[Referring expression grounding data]
------------------------------------------------------------
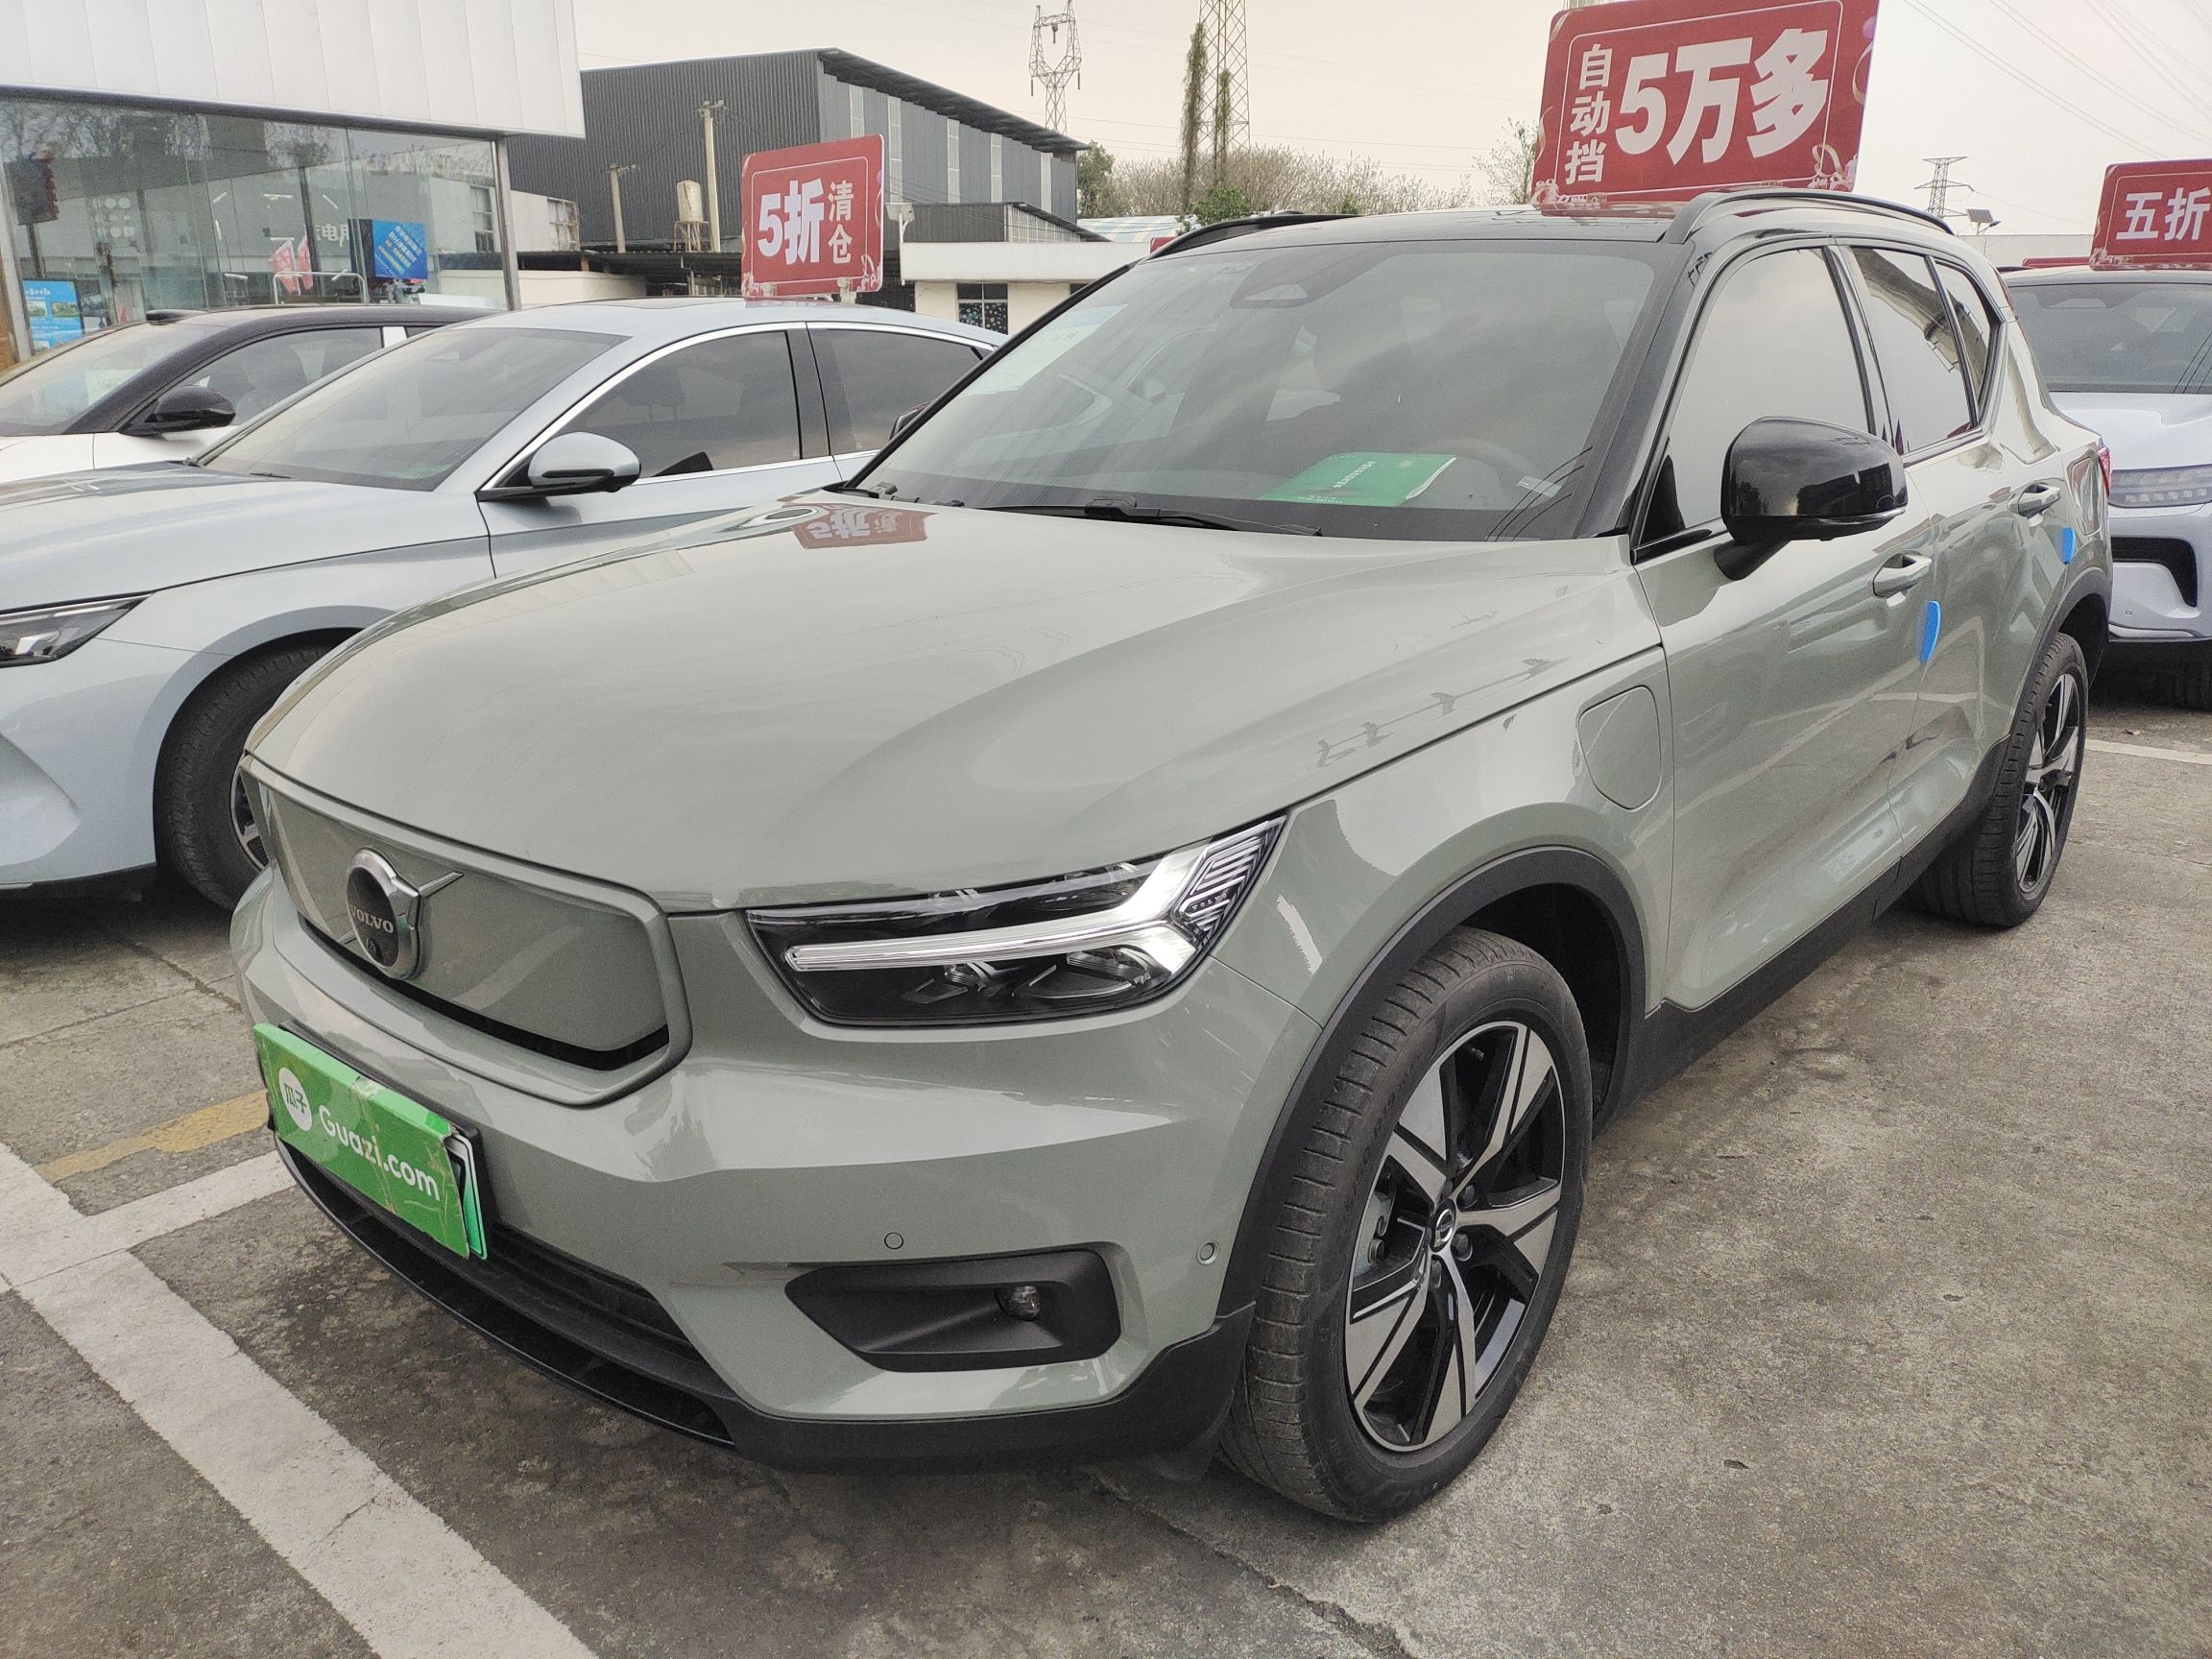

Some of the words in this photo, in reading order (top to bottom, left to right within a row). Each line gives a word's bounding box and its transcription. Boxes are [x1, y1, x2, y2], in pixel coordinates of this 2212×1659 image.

[1565, 43, 1613, 184] 自动挡
[1615, 28, 1829, 165] 5万多
[757, 178, 825, 265] 5折
[828, 180, 854, 264] 清仓
[2116, 186, 2212, 241] 五折
[350, 905, 395, 934] VOLVO
[319, 1104, 441, 1201] Guazi.com
------------------------------------------------------------
■ EXERCISE OBJECTIVE ■
When a record holds a picture, leave that picture out; copy the rest verbatim.

■ ANSWER BOX ■
Some of the words in this photo, in reading order (top to bottom, left to right within a row). Each line gives a word's bounding box and its transcription. Boxes are [x1, y1, x2, y2], in pixel coordinates of this 2212×1659 image.

[1565, 43, 1613, 184] 自动挡
[1615, 28, 1829, 165] 5万多
[757, 178, 825, 265] 5折
[828, 180, 854, 264] 清仓
[2116, 186, 2212, 241] 五折
[350, 905, 395, 934] VOLVO
[319, 1104, 441, 1201] Guazi.com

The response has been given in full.